[MATERIAL PROVIDED Boundary: Start]

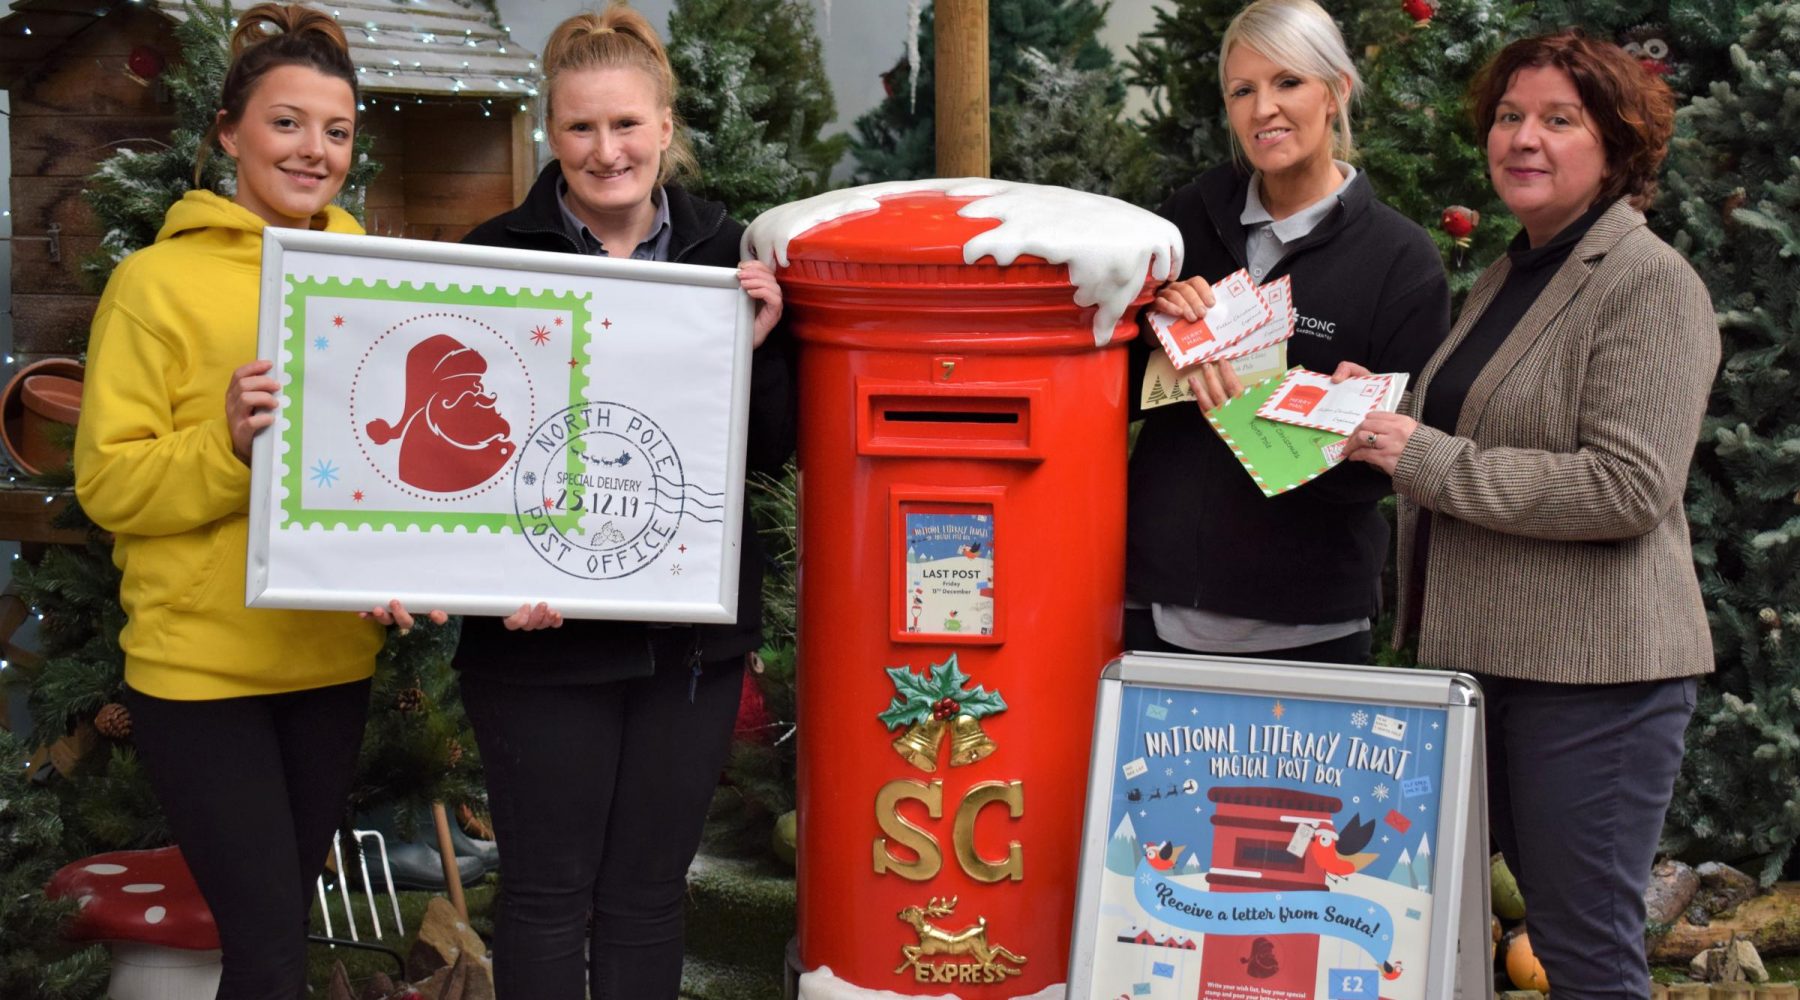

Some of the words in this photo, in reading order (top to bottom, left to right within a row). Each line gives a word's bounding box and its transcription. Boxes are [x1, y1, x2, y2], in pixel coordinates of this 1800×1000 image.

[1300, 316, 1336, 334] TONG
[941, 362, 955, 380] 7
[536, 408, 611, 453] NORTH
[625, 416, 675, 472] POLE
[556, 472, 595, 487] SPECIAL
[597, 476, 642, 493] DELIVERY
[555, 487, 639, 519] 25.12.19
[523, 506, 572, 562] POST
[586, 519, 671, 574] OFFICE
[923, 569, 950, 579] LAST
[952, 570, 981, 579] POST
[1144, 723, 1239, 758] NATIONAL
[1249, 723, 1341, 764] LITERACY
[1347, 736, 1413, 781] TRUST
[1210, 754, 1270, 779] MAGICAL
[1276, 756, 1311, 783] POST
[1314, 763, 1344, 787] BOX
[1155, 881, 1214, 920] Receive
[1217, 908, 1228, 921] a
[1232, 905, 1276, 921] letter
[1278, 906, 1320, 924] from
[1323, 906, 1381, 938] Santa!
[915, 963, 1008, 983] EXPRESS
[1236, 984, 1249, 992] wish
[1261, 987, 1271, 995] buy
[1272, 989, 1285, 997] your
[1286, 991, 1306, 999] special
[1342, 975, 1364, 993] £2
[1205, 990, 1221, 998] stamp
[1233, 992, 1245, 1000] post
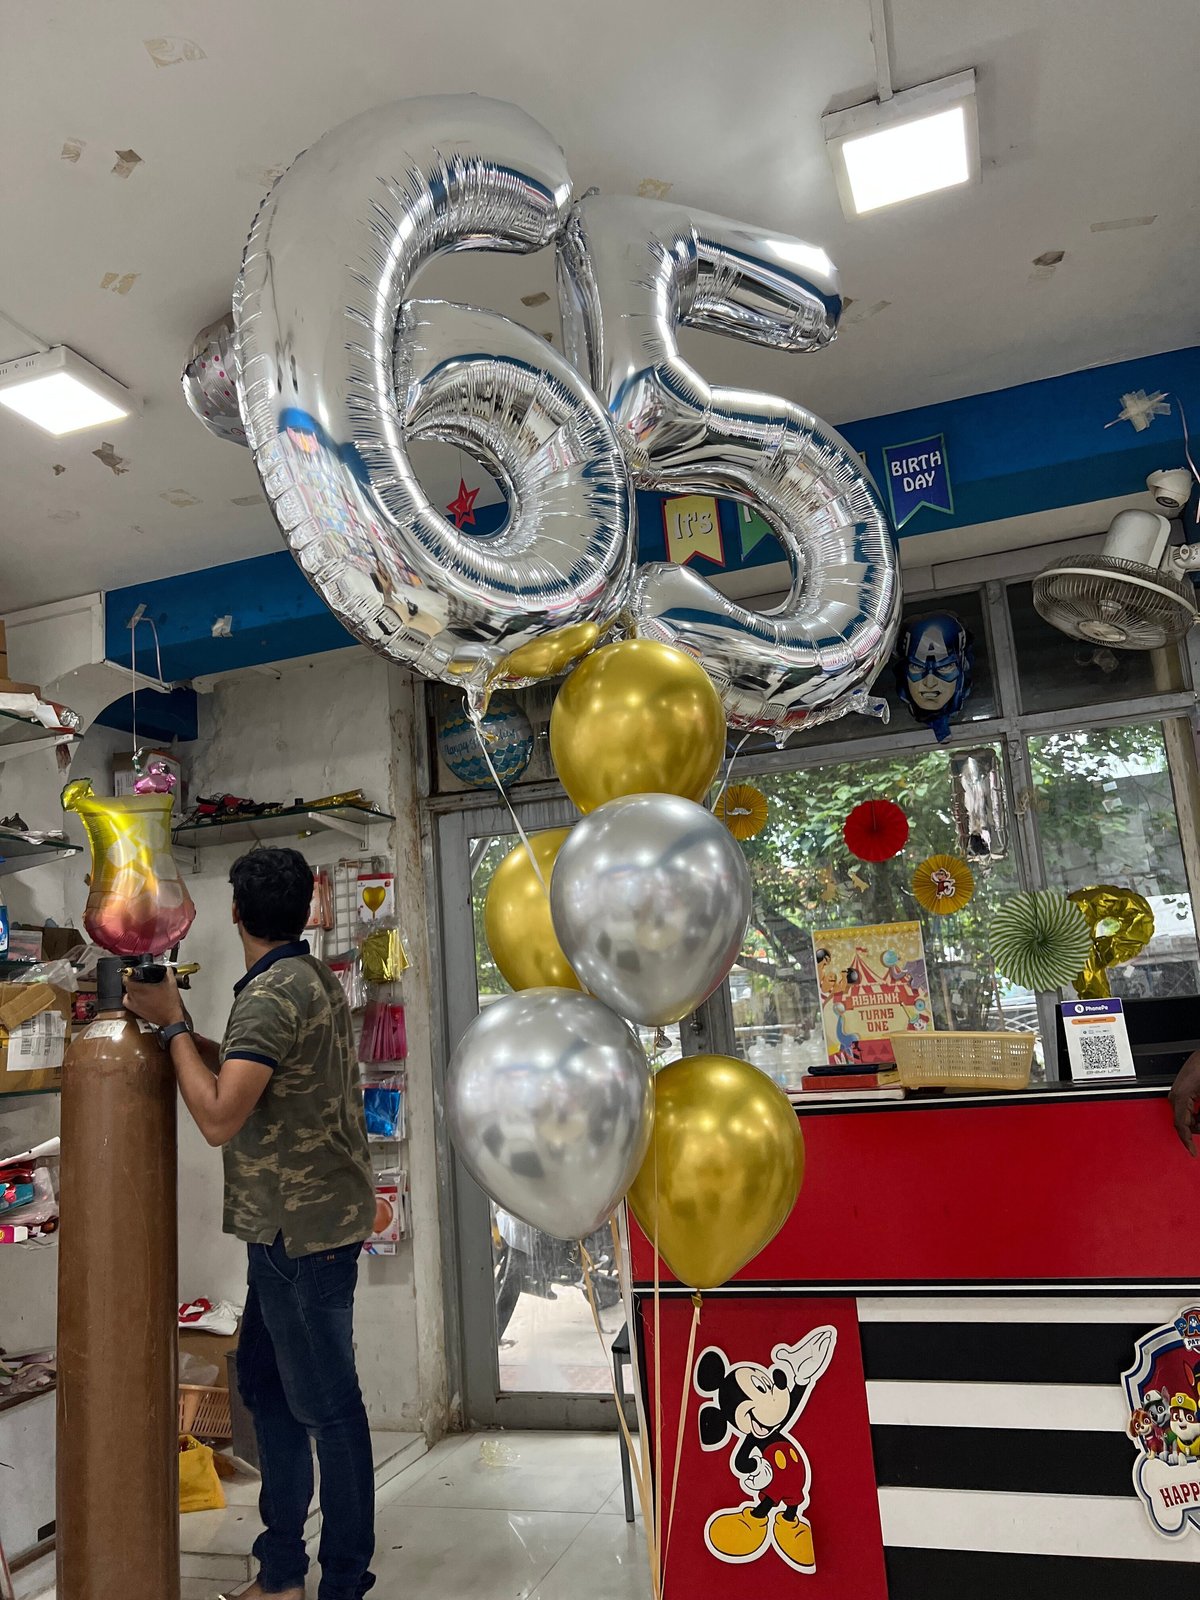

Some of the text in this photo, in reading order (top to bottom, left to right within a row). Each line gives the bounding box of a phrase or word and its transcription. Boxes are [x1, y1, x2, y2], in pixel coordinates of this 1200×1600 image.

[MATERIAL PROVIDED Boundary: End]
[MATERIAL PROVIDED Boundary: Start]

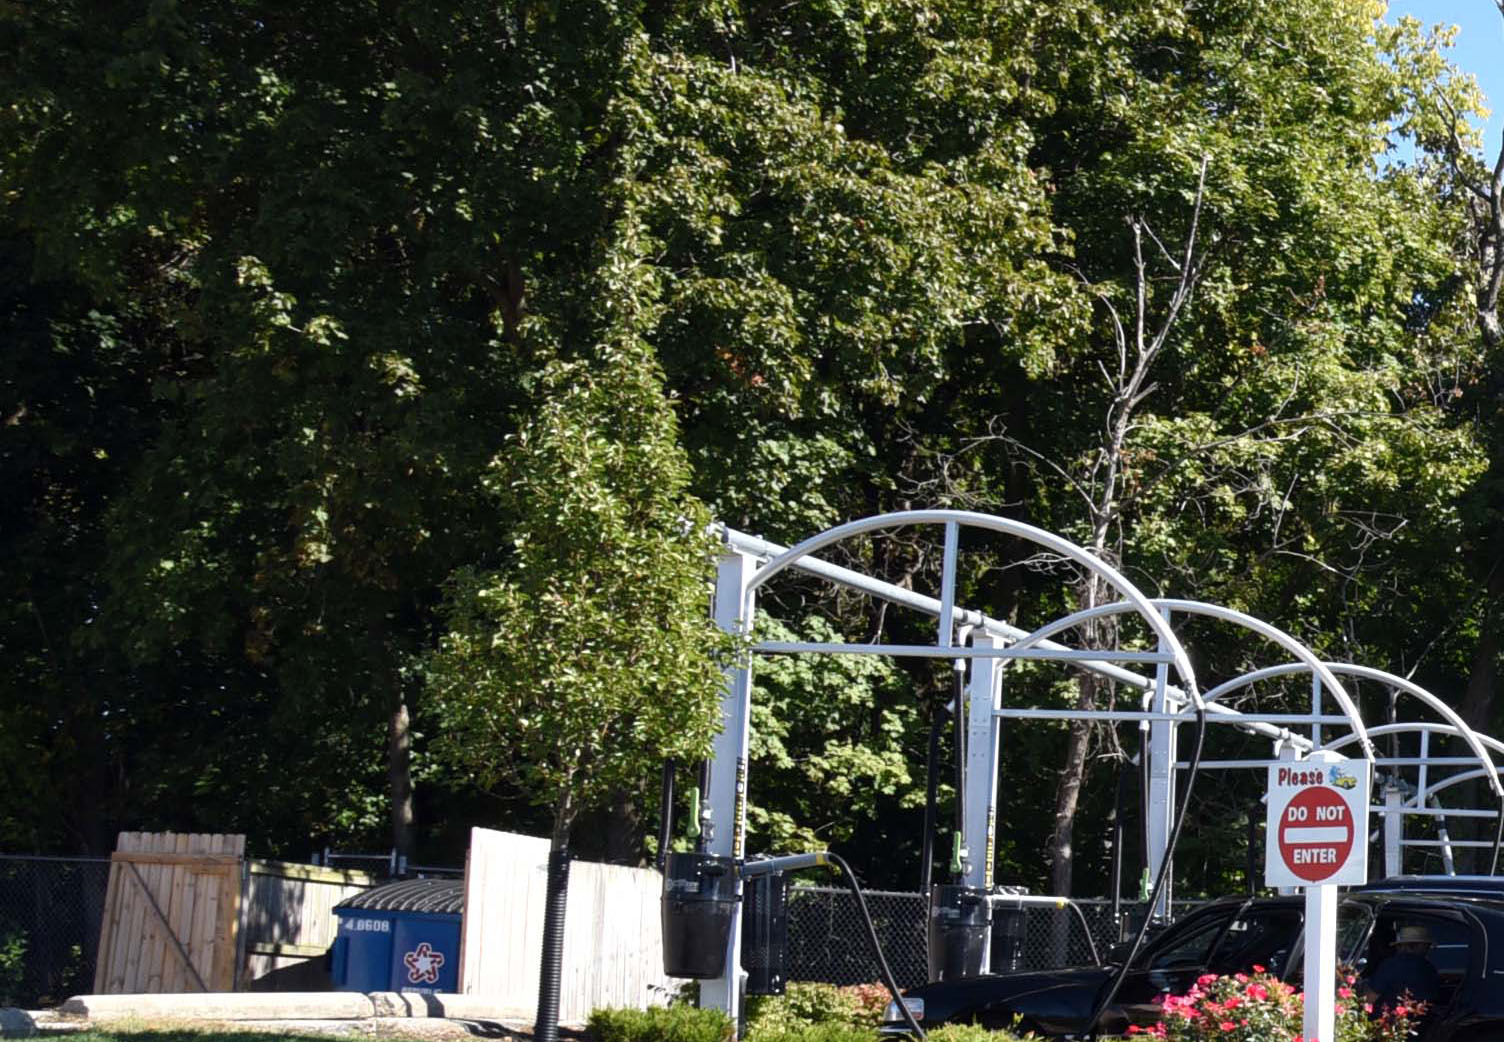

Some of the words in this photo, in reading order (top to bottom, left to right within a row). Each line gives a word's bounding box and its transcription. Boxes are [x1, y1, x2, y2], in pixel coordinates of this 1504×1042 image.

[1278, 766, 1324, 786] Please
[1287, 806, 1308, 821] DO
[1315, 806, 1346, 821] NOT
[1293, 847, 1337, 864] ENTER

[MATERIAL PROVIDED Boundary: End]

> [EXERCISE DETAILS]: Would you set down only the lines above from the line with "this 1800×1000 image." to the line with "Some of the text", both included, exactly as they stand and without the pictures?

> [TASK RESPONSE]:
Some of the words in this photo, in reading order (top to bottom, left to right within a row). Each line gives a word's bounding box and its transcription. Boxes are [x1, y1, x2, y2], in pixel coordinates of this 1800×1000 image.

[1300, 316, 1336, 334] TONG
[941, 362, 955, 380] 7
[536, 408, 611, 453] NORTH
[625, 416, 675, 472] POLE
[556, 472, 595, 487] SPECIAL
[597, 476, 642, 493] DELIVERY
[555, 487, 639, 519] 25.12.19
[523, 506, 572, 562] POST
[586, 519, 671, 574] OFFICE
[923, 569, 950, 579] LAST
[952, 570, 981, 579] POST
[1144, 723, 1239, 758] NATIONAL
[1249, 723, 1341, 764] LITERACY
[1347, 736, 1413, 781] TRUST
[1210, 754, 1270, 779] MAGICAL
[1276, 756, 1311, 783] POST
[1314, 763, 1344, 787] BOX
[1155, 881, 1214, 920] Receive
[1217, 908, 1228, 921] a
[1232, 905, 1276, 921] letter
[1278, 906, 1320, 924] from
[1323, 906, 1381, 938] Santa!
[915, 963, 1008, 983] EXPRESS
[1236, 984, 1249, 992] wish
[1261, 987, 1271, 995] buy
[1272, 989, 1285, 997] your
[1286, 991, 1306, 999] special
[1342, 975, 1364, 993] £2
[1205, 990, 1221, 998] stamp
[1233, 992, 1245, 1000] post

Some of the text in this photo, in reading order (top to bottom, left to right within a row). Each line gives the bounding box of a phrase or word and its transcription. Boxes are [x1, y1, x2, y2], in pixel coordinates of this 1200×1600 image.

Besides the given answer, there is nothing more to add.